#książki, #book, #recenzja,  podsumowanie

Podsumowanie maja

Maj był miesiącem niezwykle obfitym. W wydarzenia – pierwsze urodziny bloga, przejście na własną domenę, urodzinowe konkursy i nowe rekordy: 700 (!) obserwujących na Facebooku i 500 (!!!) na Instagramie. Sama nie wiem, jak znalazłam czas, by przeczytać jeszcze osiem książek.  Może to zasługa tego, że zdecydowana większość majowych lektur była znakomita, a czytanie ich było prawdziwą przyjemnością. Oto czytelnicze podsumowanie maja:

1. Błoto – skondensowana porcja brutalnej rzeczywistości. Bardzo oszczędna w słowach, niesie mnóstwo treści. Niezwykle angażująca. Lektura obowiązkowa.

2. Emigrantki – świetnie skonstruowana powieść dla wszystkich kobiet, które wciągnęły Słodkie kłamstewka i Gotowe na wszystko. Opowieść o przyjaźni, stracie, zdradzie i sile przebaczenia. Niezwykle przyjemna w odbiorze.

3. Przyjaciel z szafy – najlepsza powieść dla dzieci, jaką przeczytałam w dorosłym życiu. Bardzo wciągająca, nieco mroczna, posiada wszystkie elementy, które powinna zawierać dobra literatura dziecięca. Plus za przepiękną szatę graficzną.

4. Boso, ale w ostrogach – drugi tom losów Stanisława Grzesiuka, obraz najbiedniejszych dzielnic międzywojennej Warszawy. Autor znowu urzekł mnie swoim cwaniaczkowatym stylem. Uwielbiam i czekam na trzecią część.

5.  Gorączka – zdecydowanie najsłabsza z książek przeczytanych w tym miesiącu. Bardzo przeze mnie wyczekiwana historia Tyfusowej Mary niewątpliwie jest ciekawa, jednak sposób przedstawienia mnie nie porwał. Być może zbyt wiele oczekiwałam po lekturze Grace i Grace.

6. Lżejszy od fotografii – o Grzegorzu Ciechowskim – najbardziej intymna i osobista biografia jaką kiedykolwiek przeczytałam. Dziesiątki rozmów, wspomnień, fotografii. Momentami ściska za gardło.

7. Błękit – obawiałam się, że będzie to ekologiczny bełkot, a tymczasem powieść pochłonęłam w dwa dni. Bardzo smutna i przygnębiająca wizja przyszłości. Zmusza do refleksji. Koniecznie muszę nadrobić Historię pszczół.
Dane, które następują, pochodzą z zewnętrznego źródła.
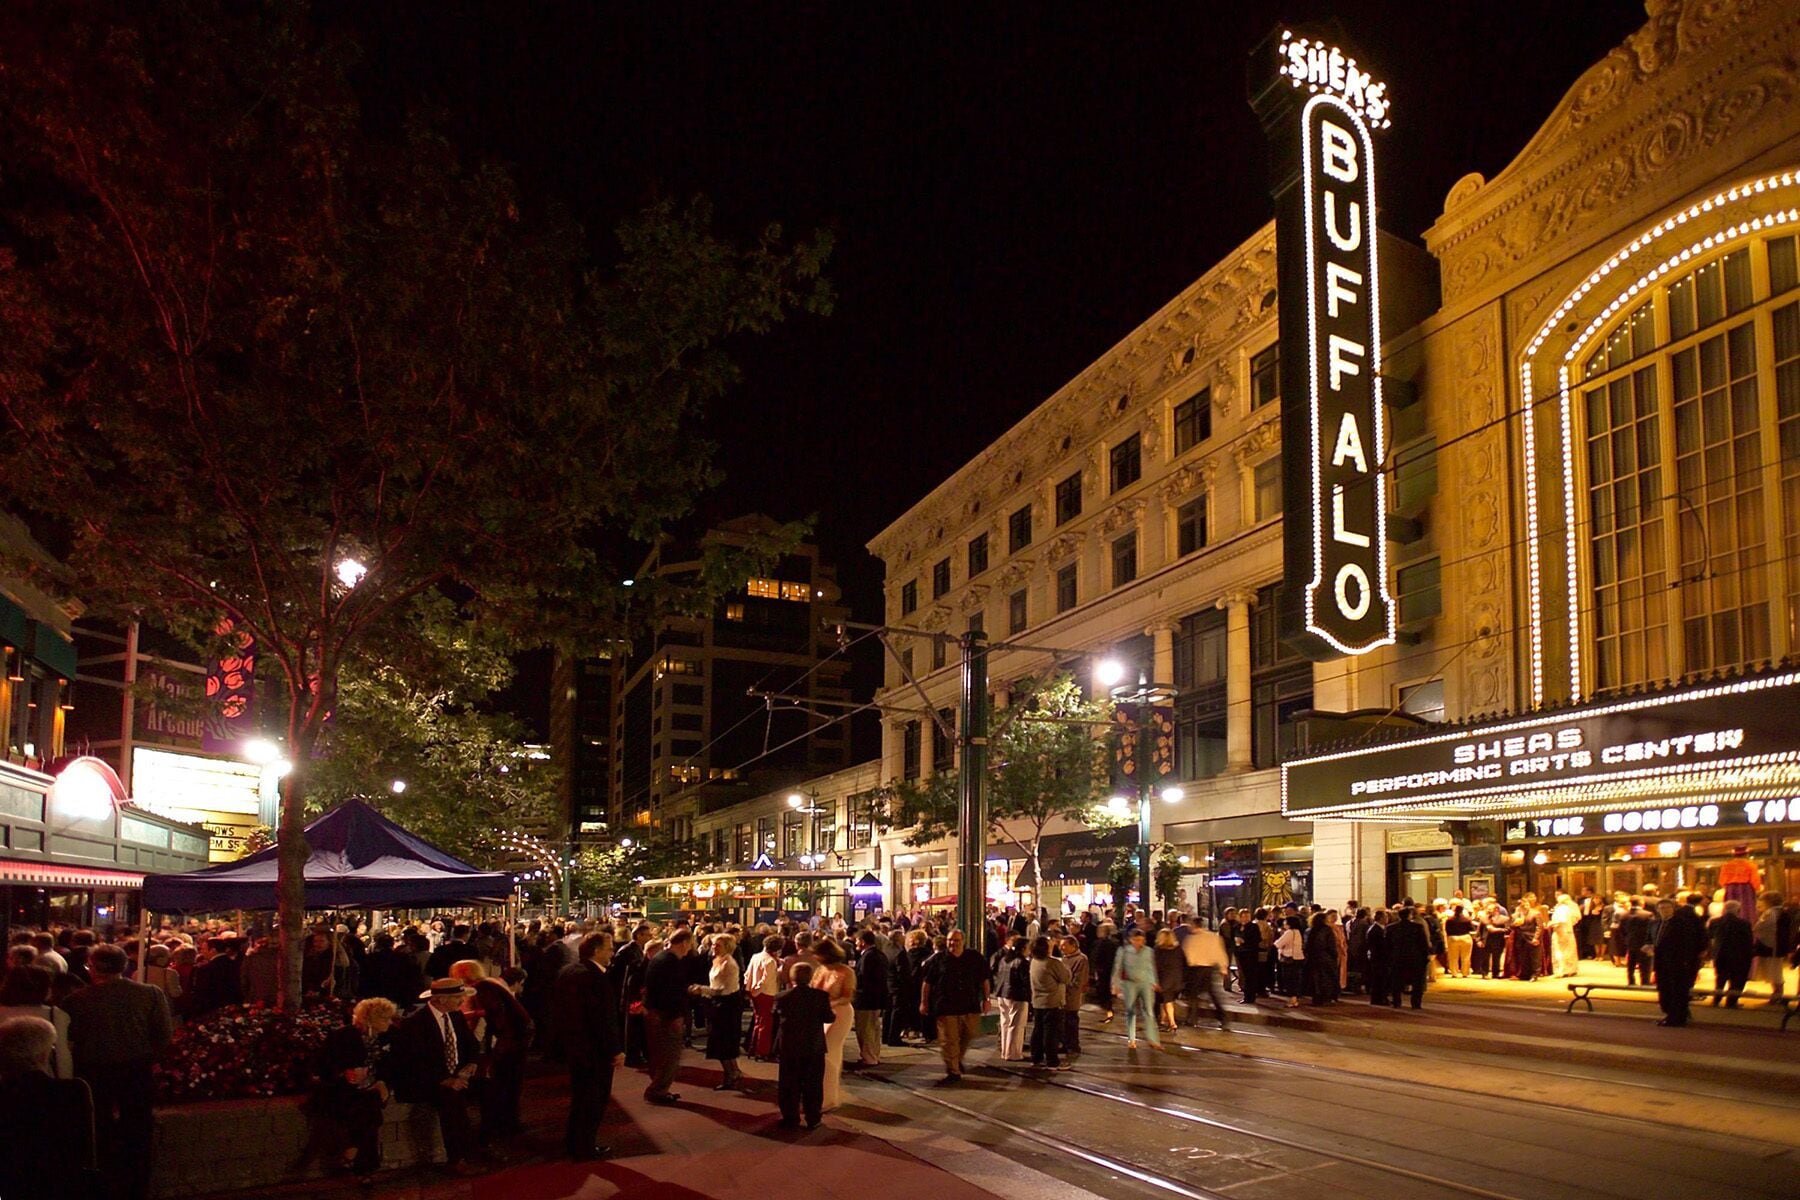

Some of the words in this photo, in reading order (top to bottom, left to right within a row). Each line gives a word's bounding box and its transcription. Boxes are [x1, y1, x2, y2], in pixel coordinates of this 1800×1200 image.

8. Spadek – najcięższa powieść maja. Niezwykle duszny klimat i narastające napięcie między bohaterami. Specyficzny sposób narracji być może nie każdemu przypadnie do gustu, ale mnie zachwycił.

Najlepszą książką przeczytaną w maju zostaje:

Lżejszy od fotografii – o Grzegorzu Ciechowskim

za wszystkie emocje, jakich dostarczył mi w czasie lektury

Na dziś to jeszcze nie wszystko. Ostatnio zżymałam się nieustannie, że moje postanowienia noworoczne leżą i kwiczą. Postanowiłam coś z tym zrobić. Jakiś czas temu u Gosi z Tuczytam podpatrzyłam TBR, który ona podpatrzyła od jeszcze kogoś innego (może od Złodziejki książek?). Ponieważ na mojej półce znalazłam 65 nieprzeczytanych książek, zarządziłam reorganizację planu czytelniczego. Spisałam wszystkie tytuły na karteczkach i każdego miesiąca będę losowała przynajmniej jedną z nich. Na potrzeby własne nazywam to akcją “Czytam z półki” (zawsze zapominam te anglojęzyczne skróty). Mam nadzieję, że pozwoli mi to trochę ogarnąć biblioteczkowe zaległości, powstałe w wyniku czytania egzemplarzy przedpremierowych.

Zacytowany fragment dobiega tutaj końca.